** Task statement **
Transcribe all of the records word for word, please, omitting the pictures.
[Start of section]
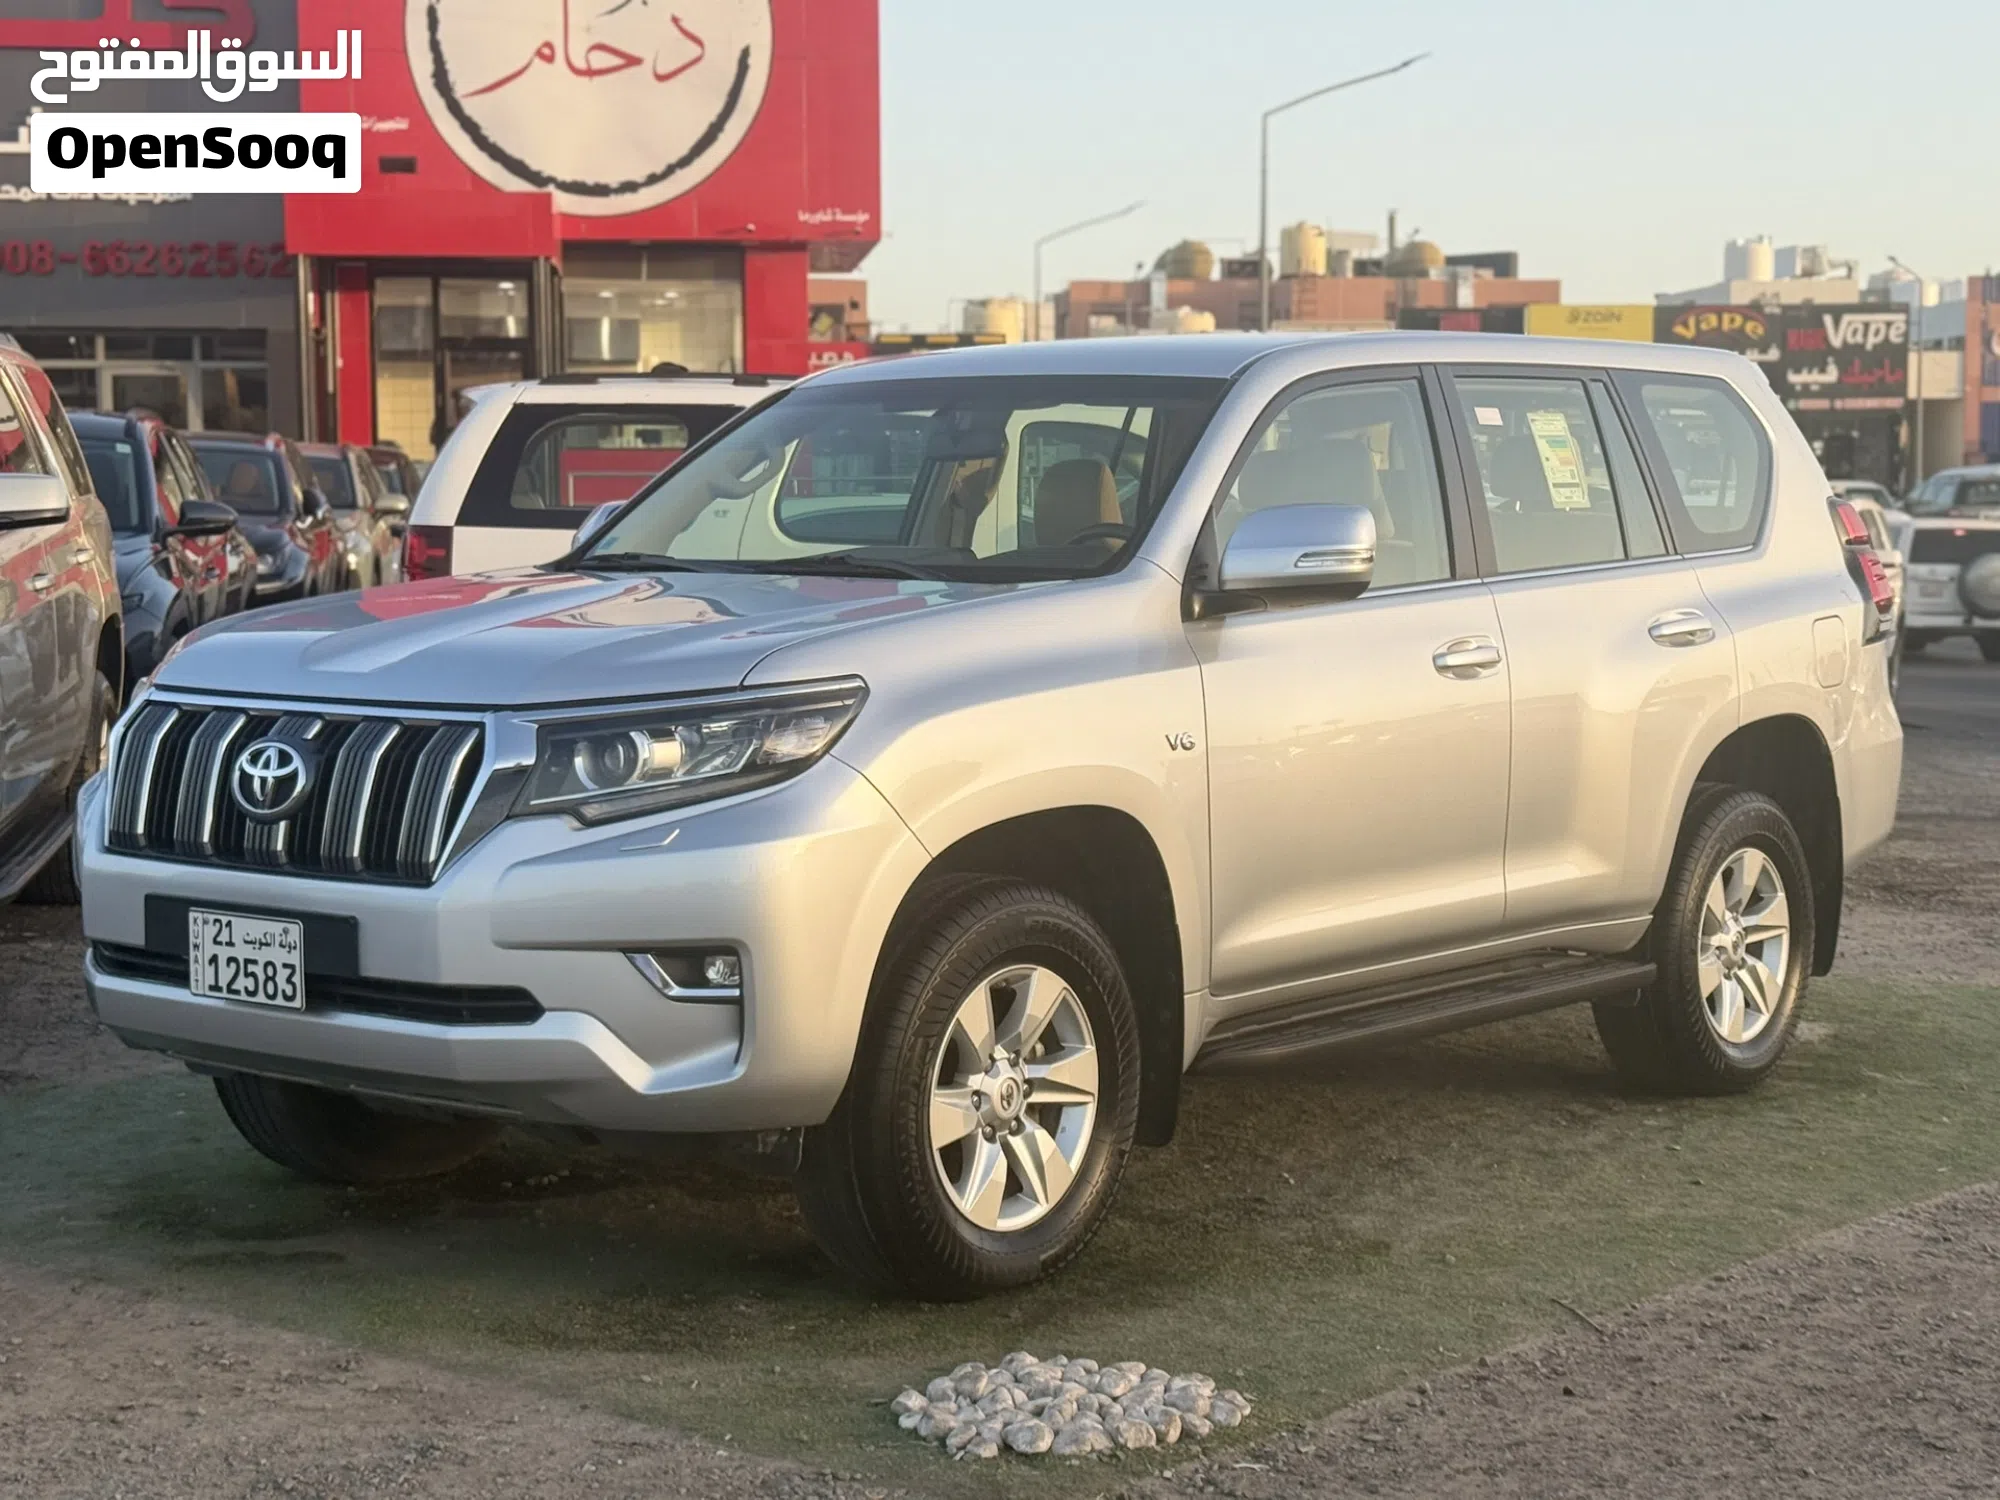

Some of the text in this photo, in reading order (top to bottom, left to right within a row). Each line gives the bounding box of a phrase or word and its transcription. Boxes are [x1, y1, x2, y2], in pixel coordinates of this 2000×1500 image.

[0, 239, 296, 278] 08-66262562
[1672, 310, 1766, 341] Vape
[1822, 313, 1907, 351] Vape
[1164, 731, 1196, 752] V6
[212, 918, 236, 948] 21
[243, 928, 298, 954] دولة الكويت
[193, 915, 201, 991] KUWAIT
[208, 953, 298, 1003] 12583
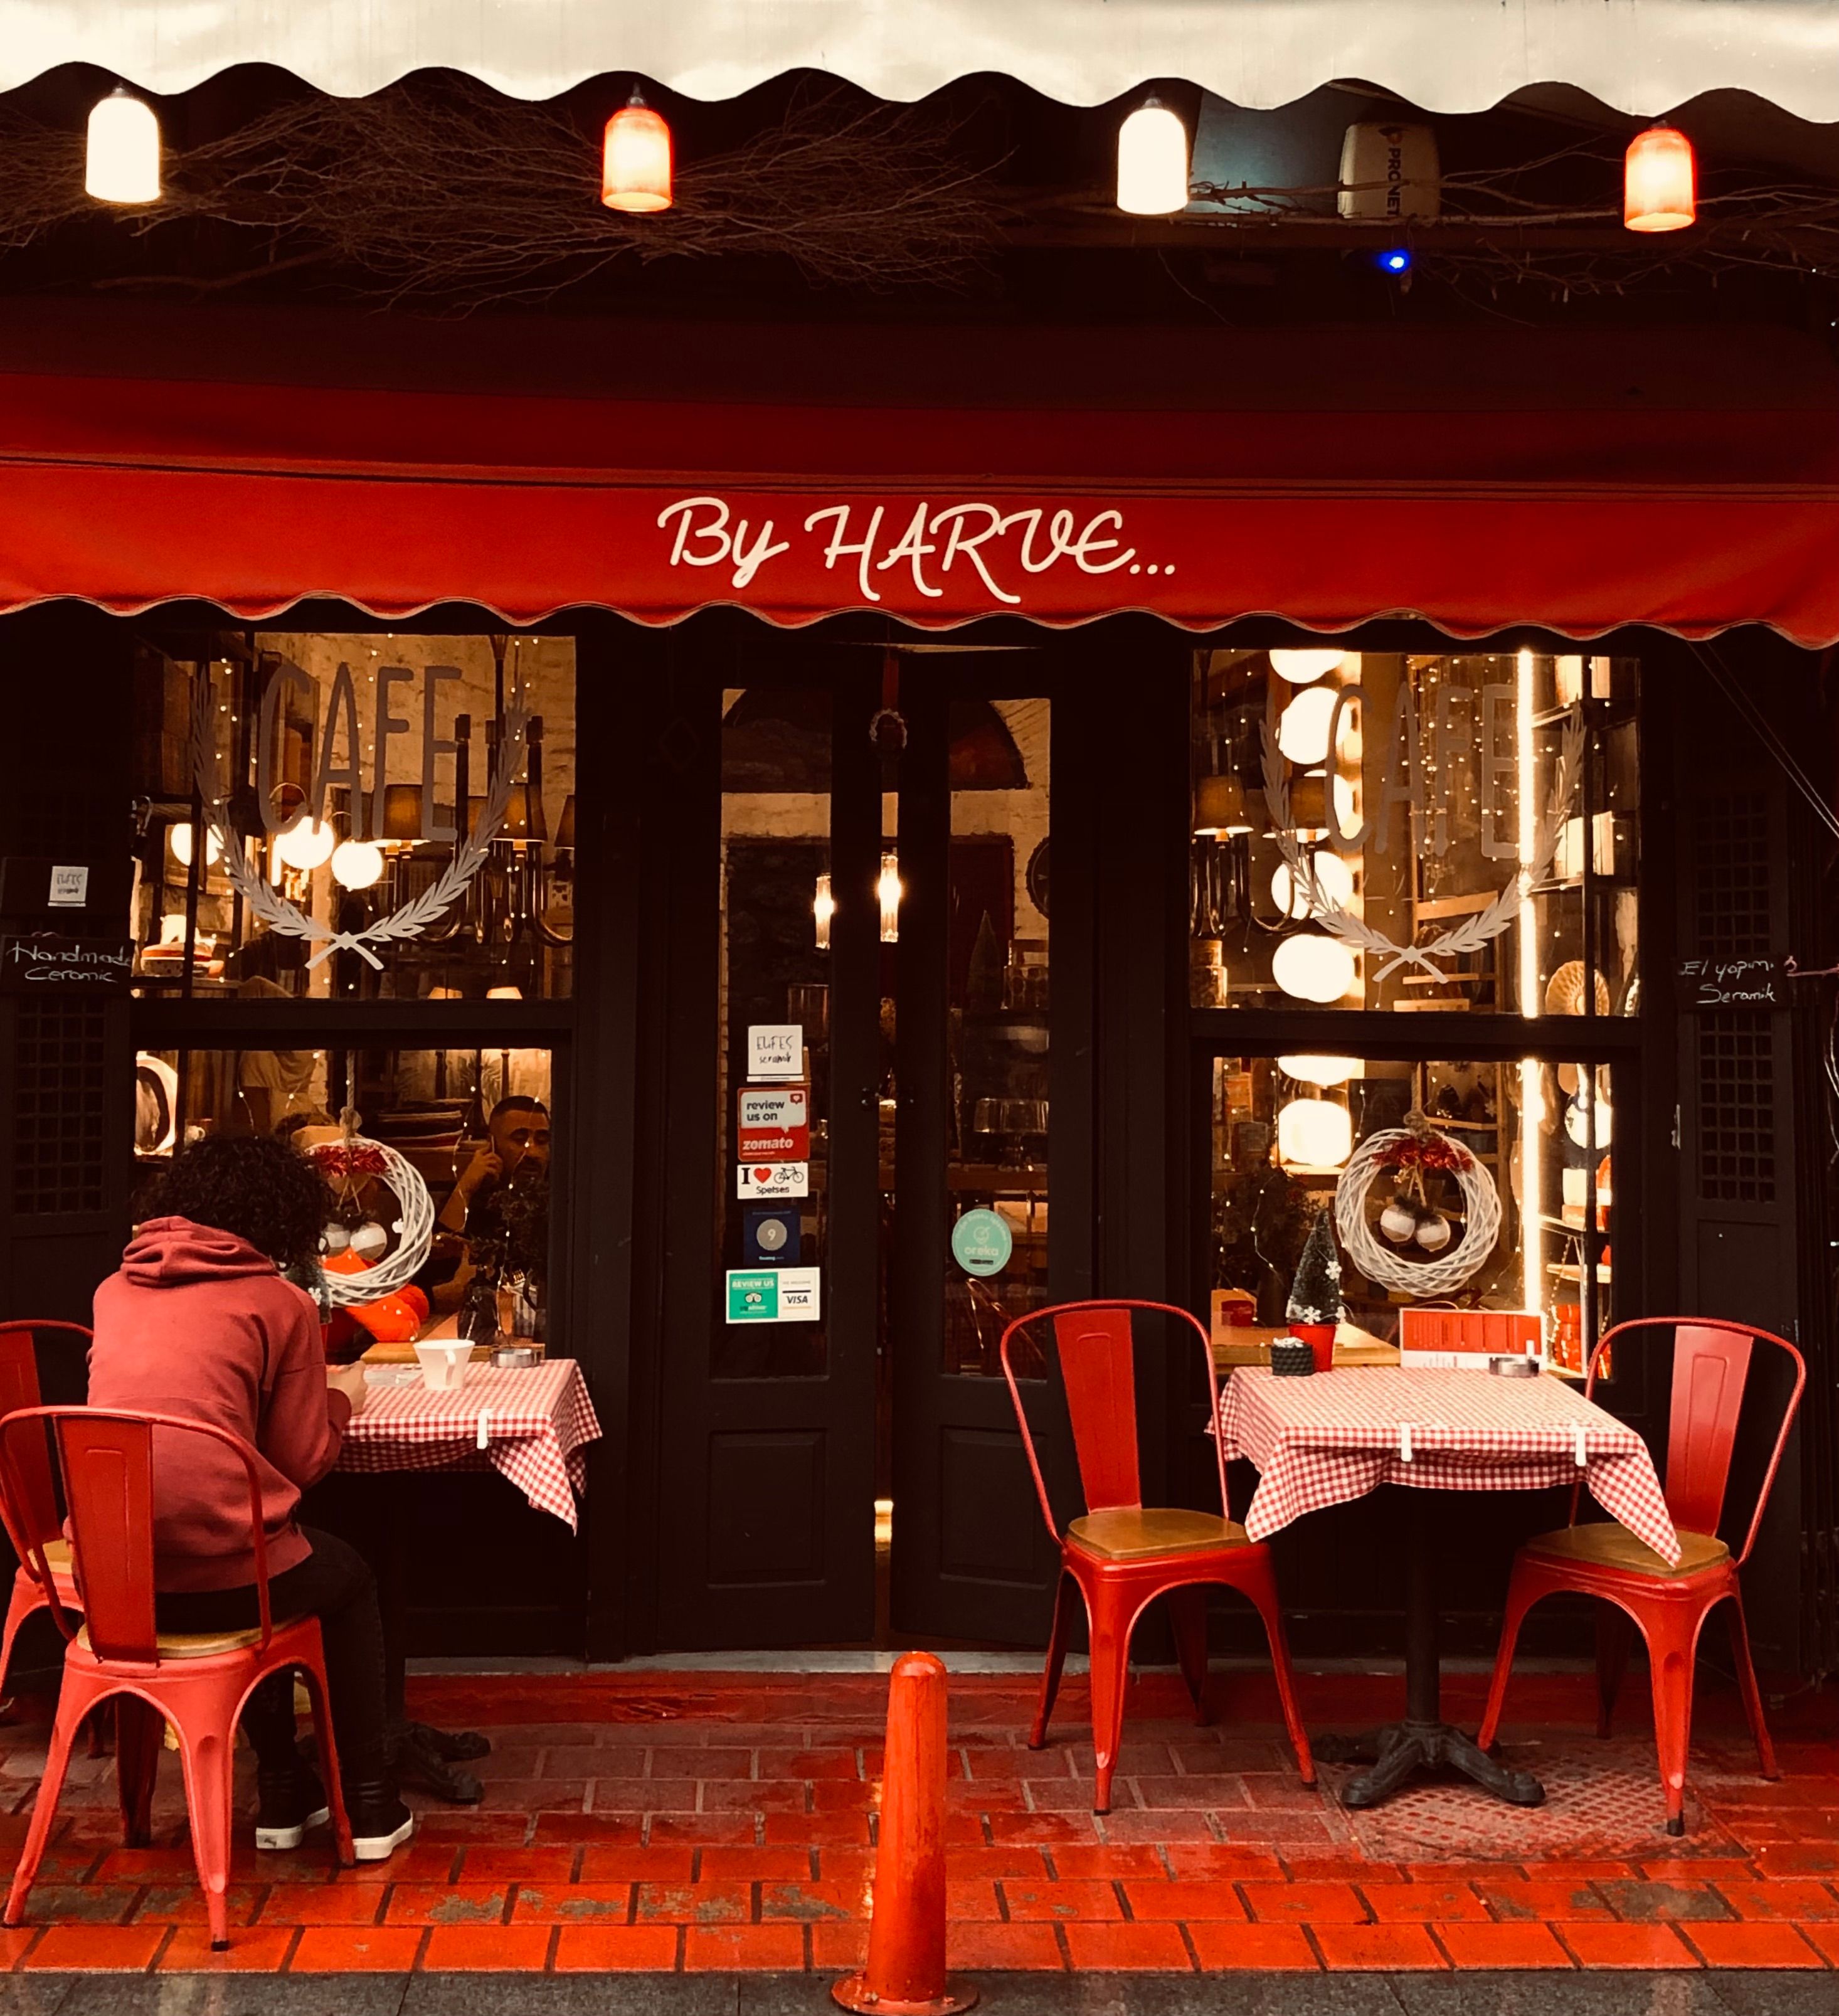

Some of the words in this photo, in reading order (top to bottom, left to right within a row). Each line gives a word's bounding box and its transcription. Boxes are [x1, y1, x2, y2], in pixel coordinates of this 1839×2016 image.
[End of section]
** Solution **
Some of the text in this photo, in reading order (top to bottom, left to right within a row). Each line gives the bounding box of a phrase or word and its transcription. Boxes are [x1, y1, x2, y2], in pixel coordinates of this 2000×1500 image.

[0, 239, 296, 278] 08-66262562
[1672, 310, 1766, 341] Vape
[1822, 313, 1907, 351] Vape
[1164, 731, 1196, 752] V6
[212, 918, 236, 948] 21
[243, 928, 298, 954] دولة الكويت
[193, 915, 201, 991] KUWAIT
[208, 953, 298, 1003] 12583

Some of the words in this photo, in reading order (top to bottom, left to right within a row). Each line gives a word's bounding box and its transcription. Boxes are [x1, y1, x2, y2], in pixel coordinates of this 1839×2016 image.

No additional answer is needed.